▶ [What the exercise asks] To complete this task, print all the data below exactly but leave out the images.

▶ [Records to use]
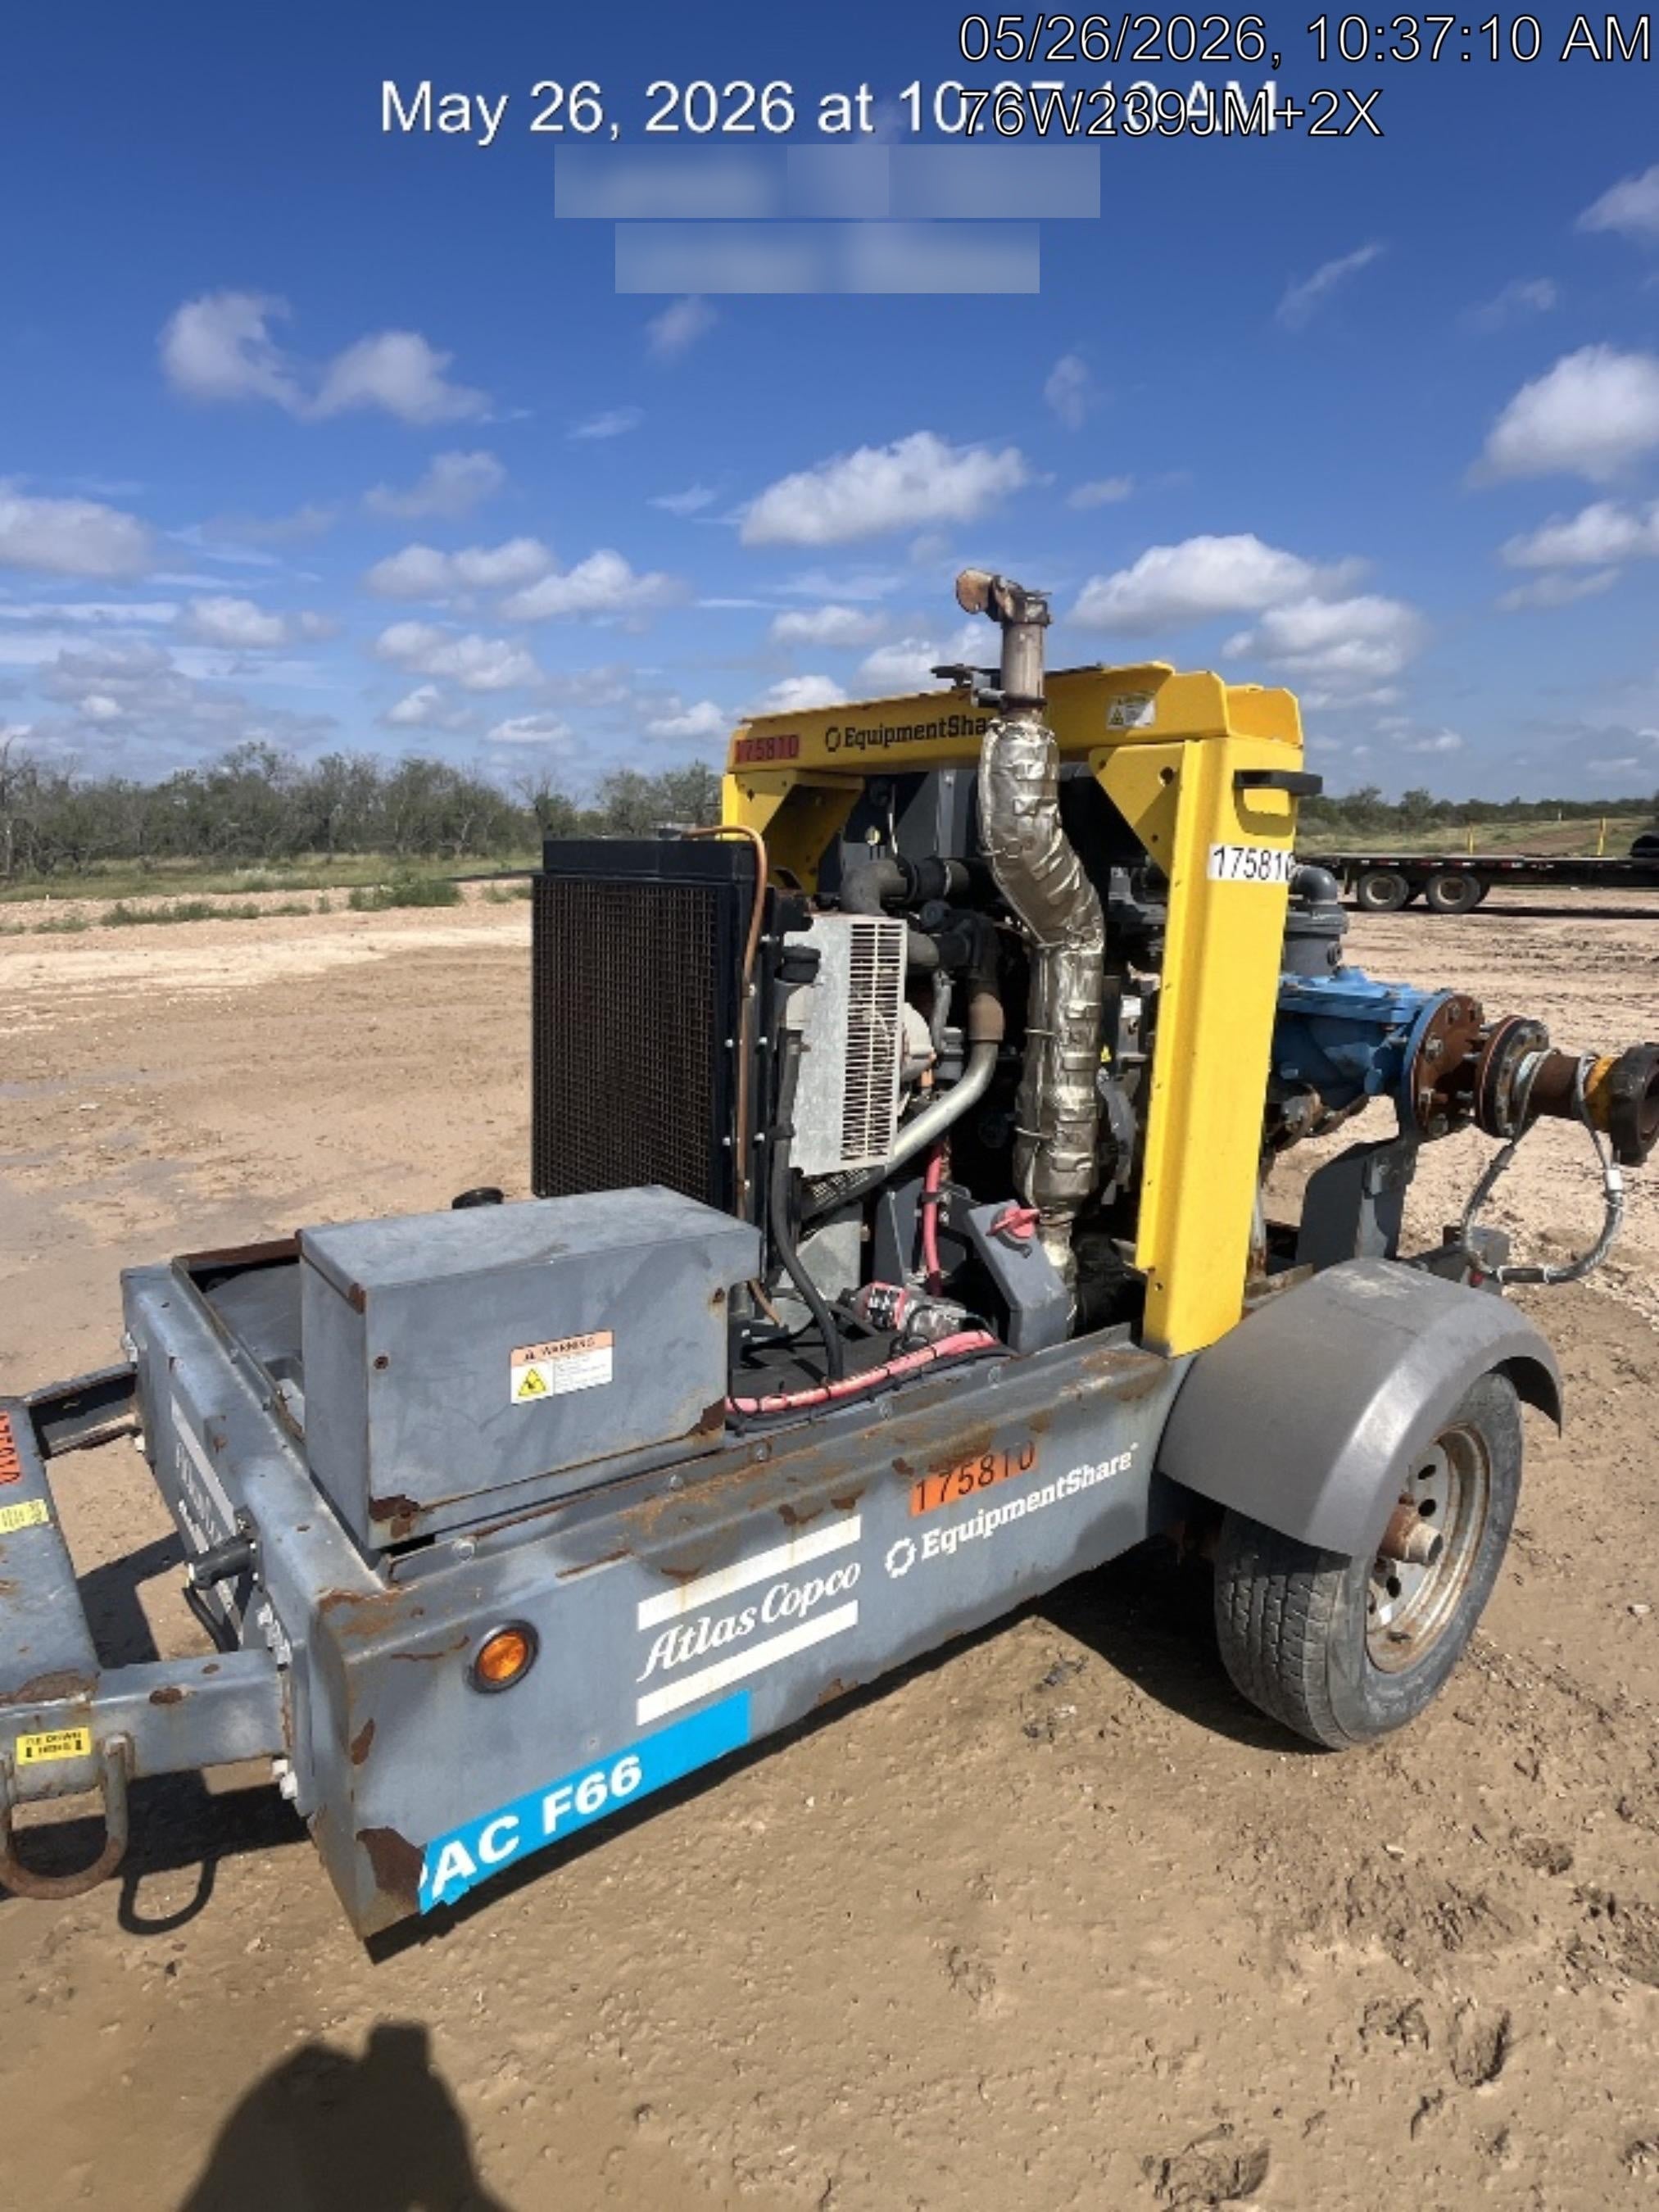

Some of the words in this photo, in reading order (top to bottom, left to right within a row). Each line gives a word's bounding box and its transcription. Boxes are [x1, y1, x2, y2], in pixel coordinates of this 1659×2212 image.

[915, 1439, 1036, 1512] 175810
[922, 1451, 1132, 1561] EquipmentShare
[636, 1603, 756, 1683] Atlas
[760, 1562, 862, 1626] Copco
[418, 1815, 521, 1899] AC
[542, 1754, 643, 1836] F66
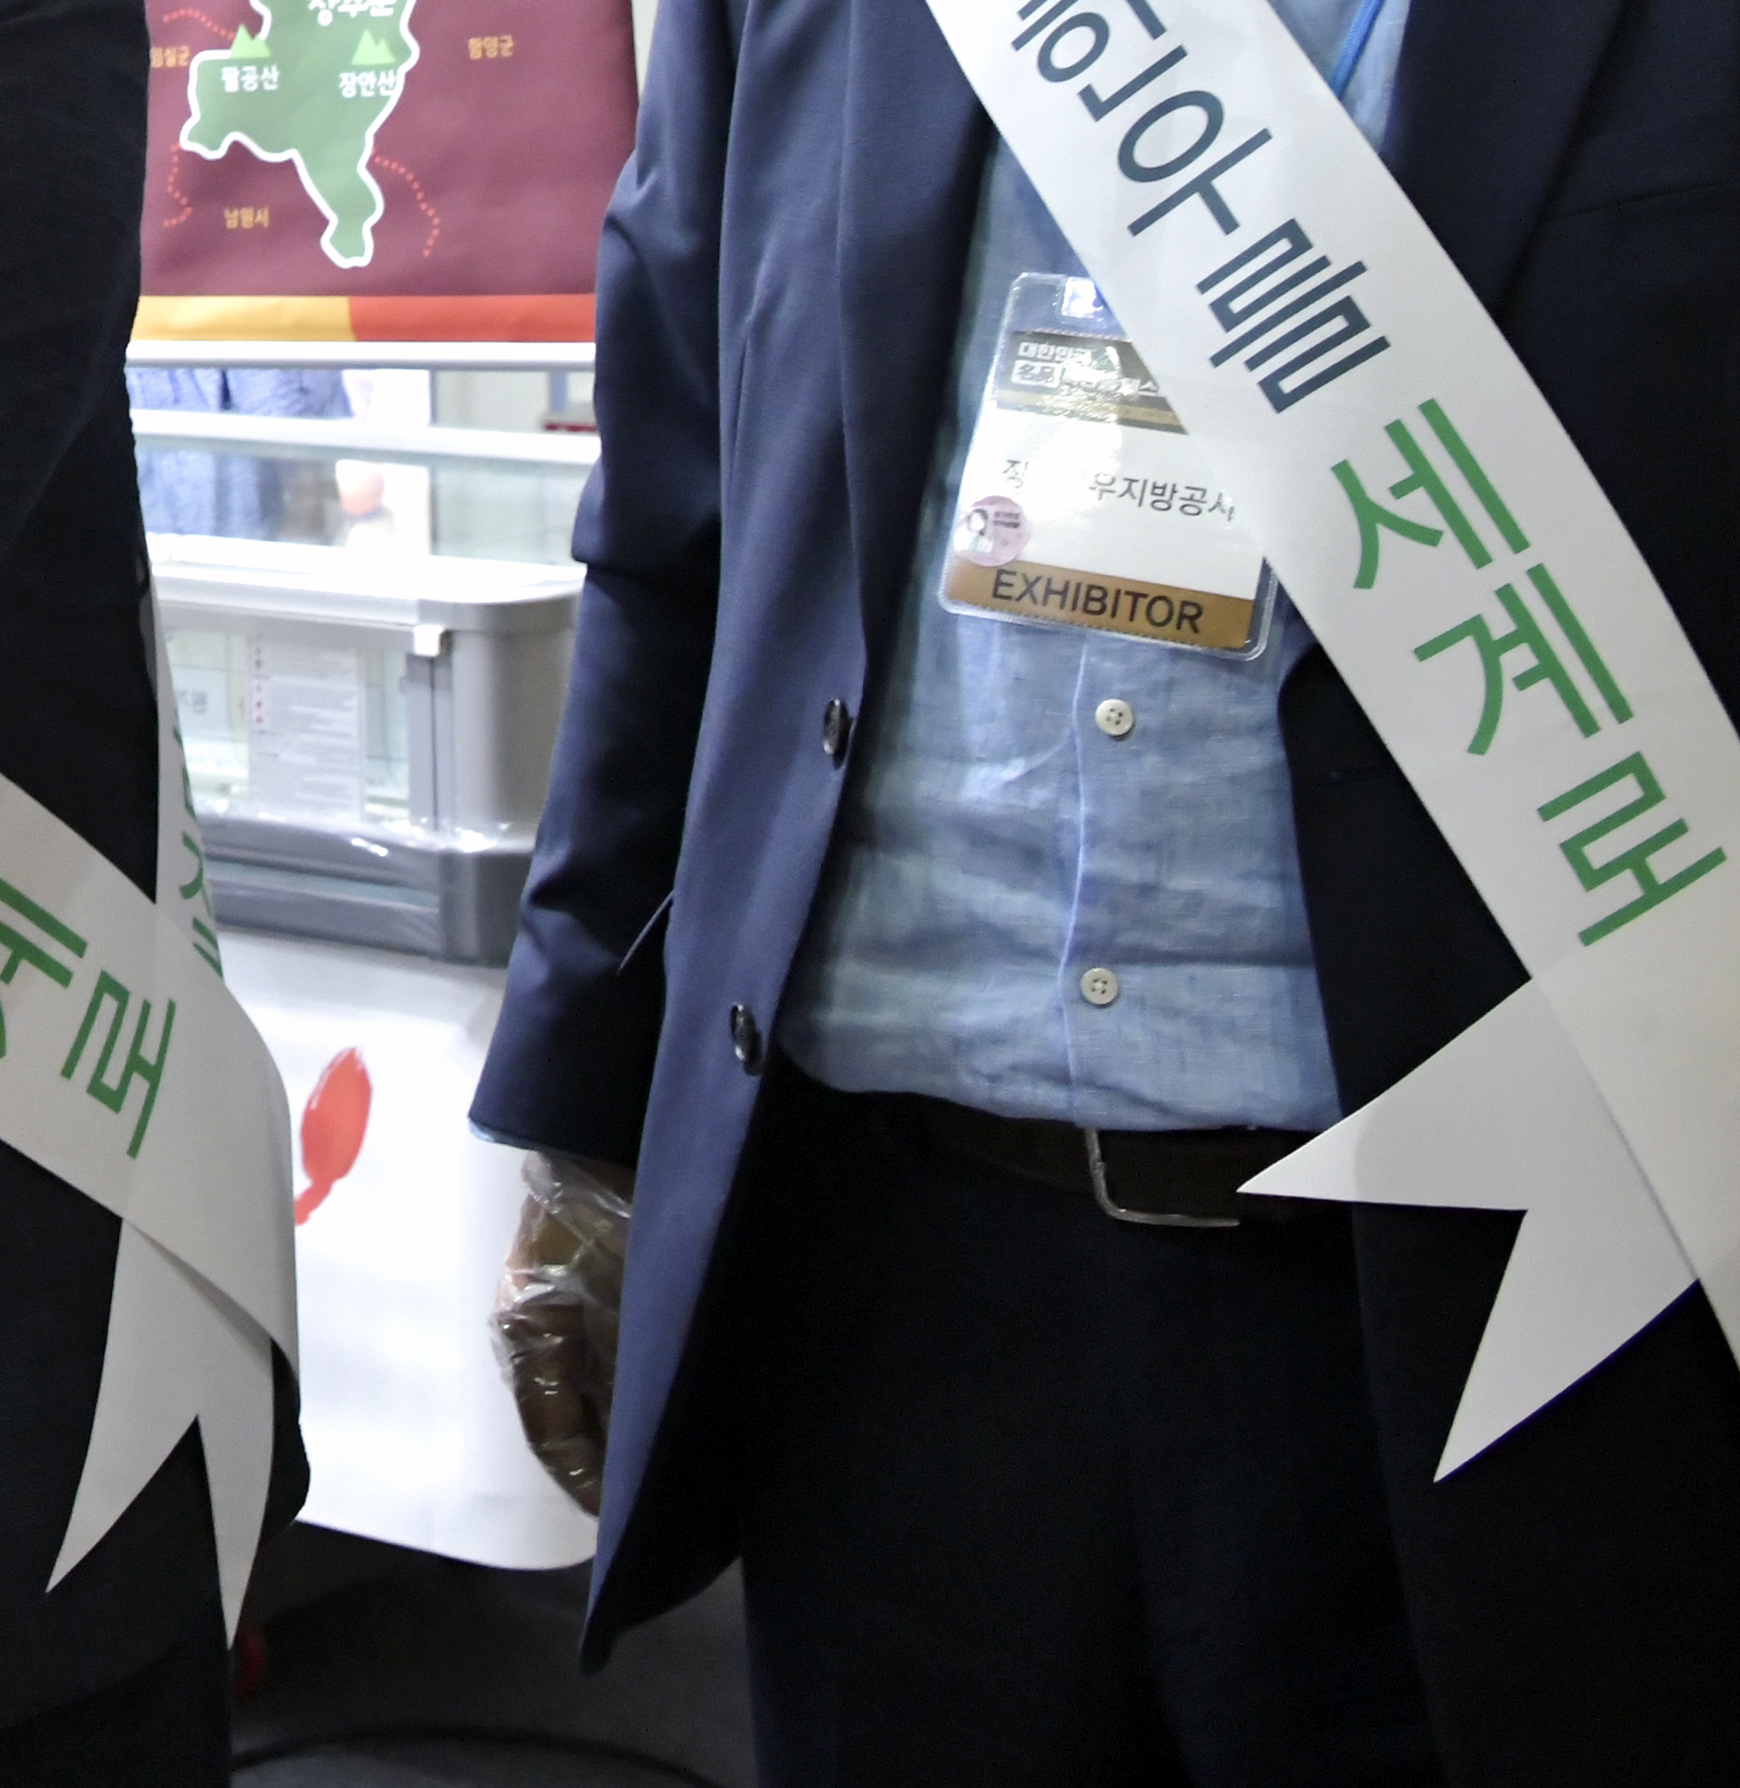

▶ [Answer area]
Some of the words in this photo, in reading order (top to bottom, left to right within a row). Each line gives a word's bounding box and its transcription. Boxes are [x1, y1, x2, y2], in pixel coordinates of this 1659×2212 image.

[915, 1439, 1036, 1512] 175810
[922, 1451, 1132, 1561] EquipmentShare
[636, 1603, 756, 1683] Atlas
[760, 1562, 862, 1626] Copco
[418, 1815, 521, 1899] AC
[542, 1754, 643, 1836] F66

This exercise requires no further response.